- DVD cover
- Directed by: Tian Zhuangzhuang
- Written by: Xia Lan
- Starring: Li Xuejian Xu Fan Xie Yuan
- Cinematography: Shang Jin Zhao Fei
- Production company: Xiaoxiang Film Studio
- Release date: 1988;
- Running time: 89 minutes
- Country: China
- Language: Mandarin

= Unforgettable Life =

Unforgettable Life (特别手术室 (Te bie shou shu shi)) (also known as Special Operating Room and Illegal Lives) is a 1988 Chinese drama film directed by Tian Zhuangzhuang. This was the first film concerning premarital pregnancy in China.
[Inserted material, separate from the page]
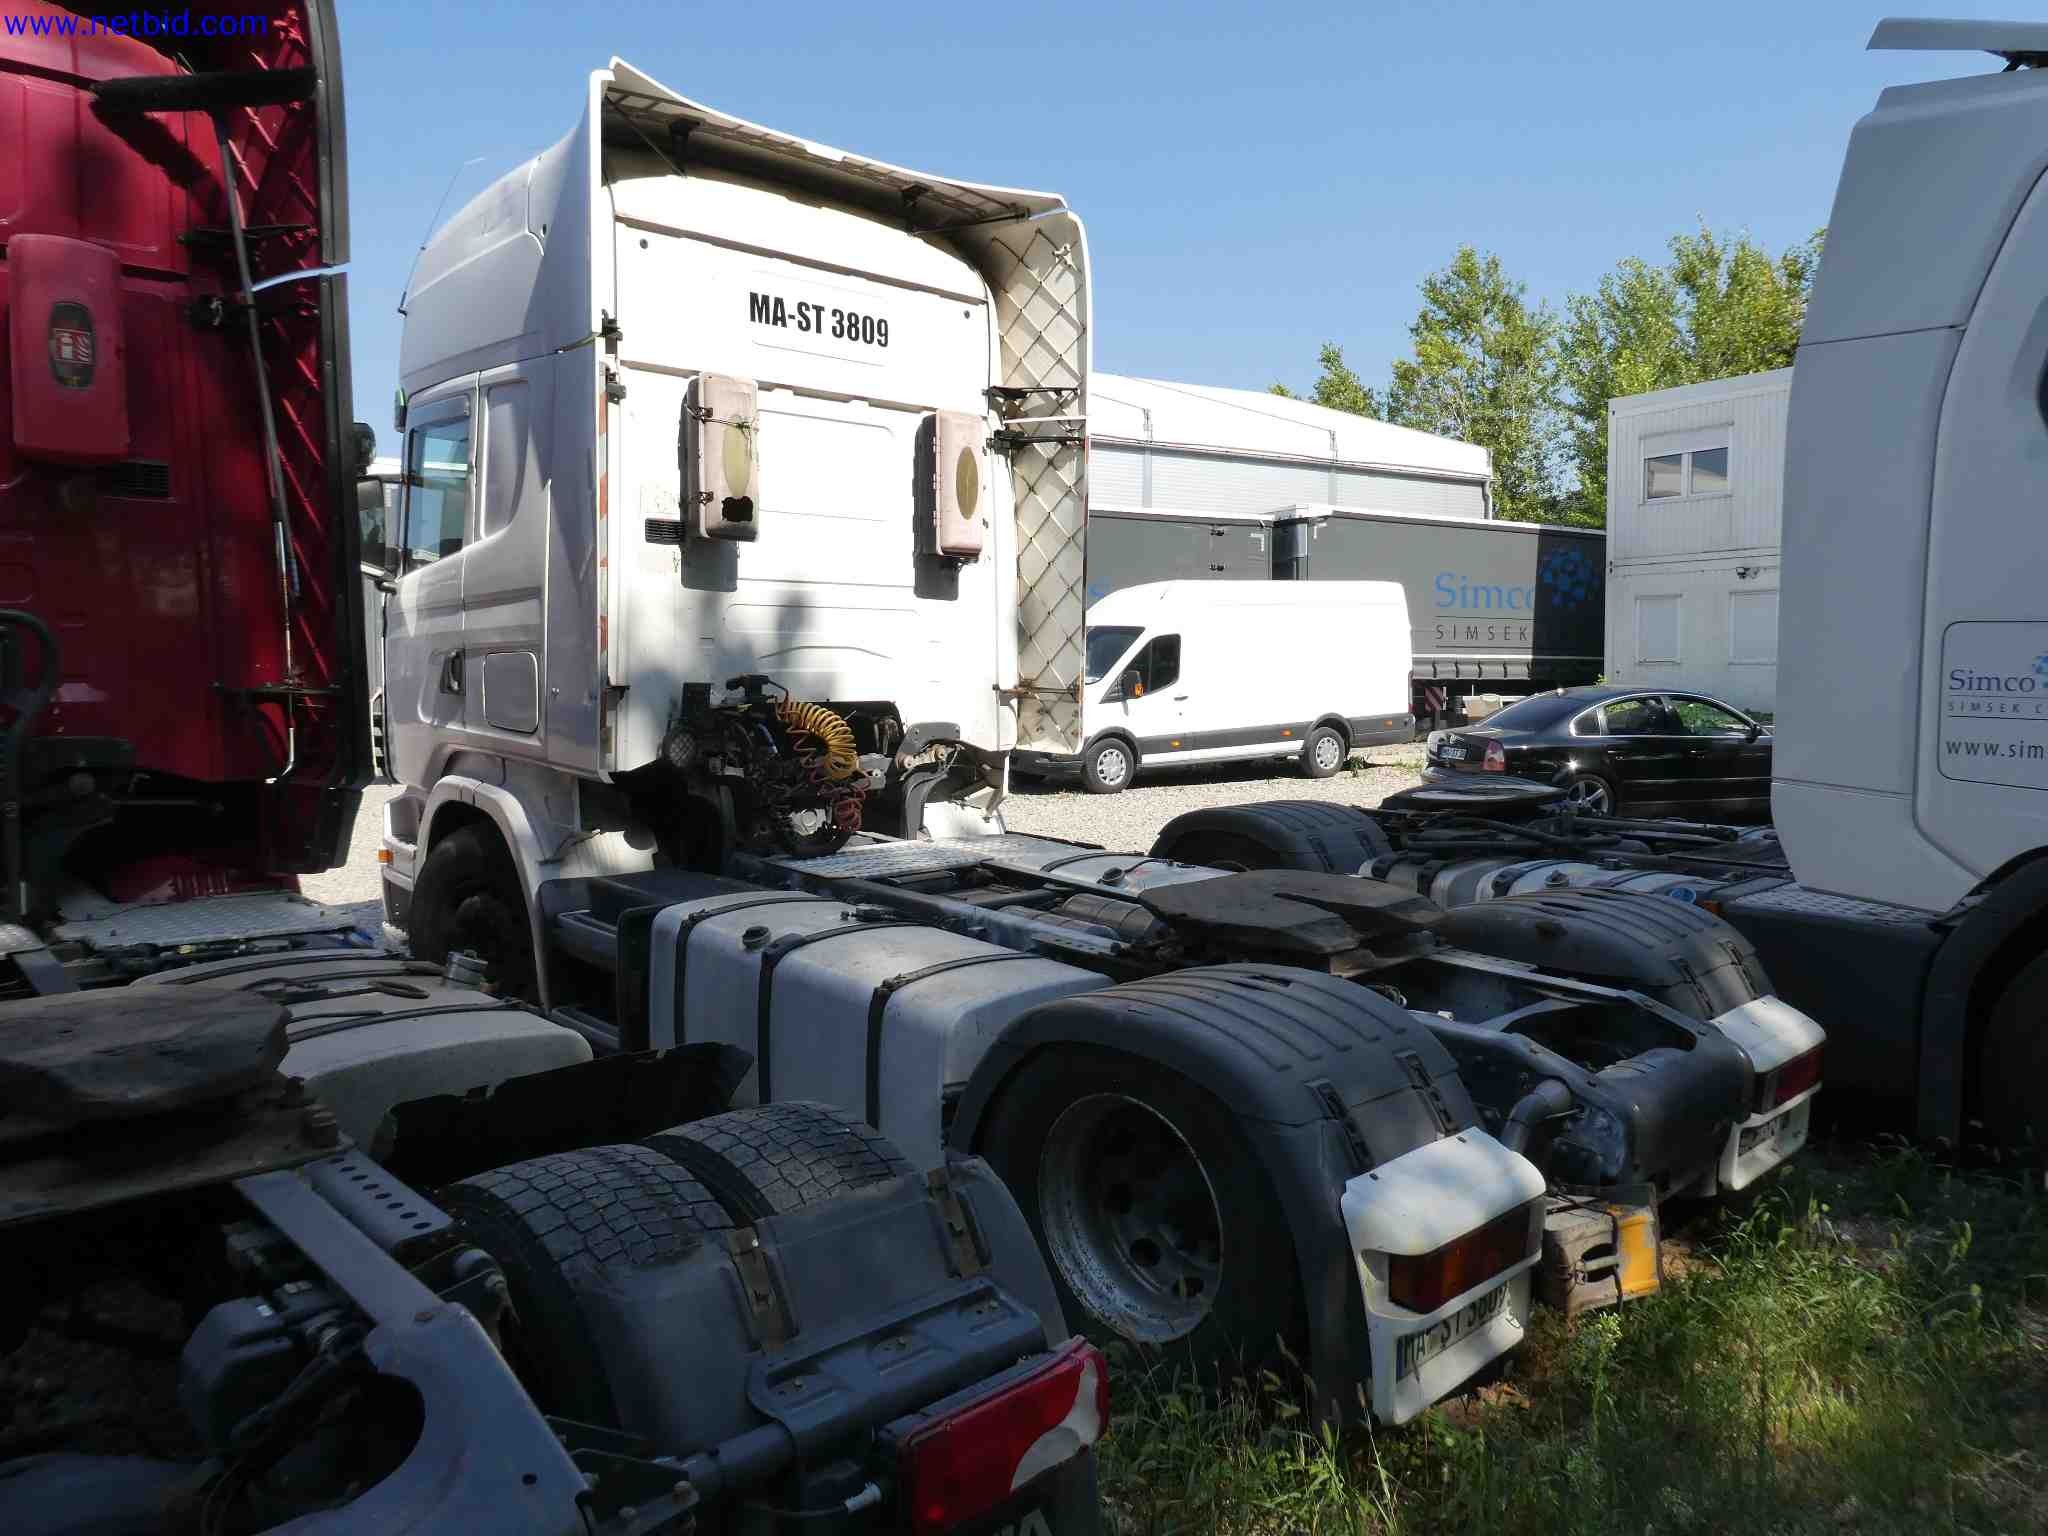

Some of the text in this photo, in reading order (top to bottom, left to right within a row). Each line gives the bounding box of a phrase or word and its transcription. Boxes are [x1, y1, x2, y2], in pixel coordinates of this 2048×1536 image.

It has been reported that this film was banned for 17 years because of its sensitive topic.

== Plot ==
A television station host named Lu Yun has an abortion because she gets pregnant when unmarried, which makes her realize that premarital pregnancy is a very serious social problem. She decides to make a special report on this problem.

== Reception ==
This film reflects the opinions of young women in China who are influenced deeply by sexual openness and reform in the 1980s. It emphasizes the harm to women caused by premarital pregnancy by referring to some serious problems like sexual harassment, incest, extramarital affairs, love triangles, sexlessness, etc.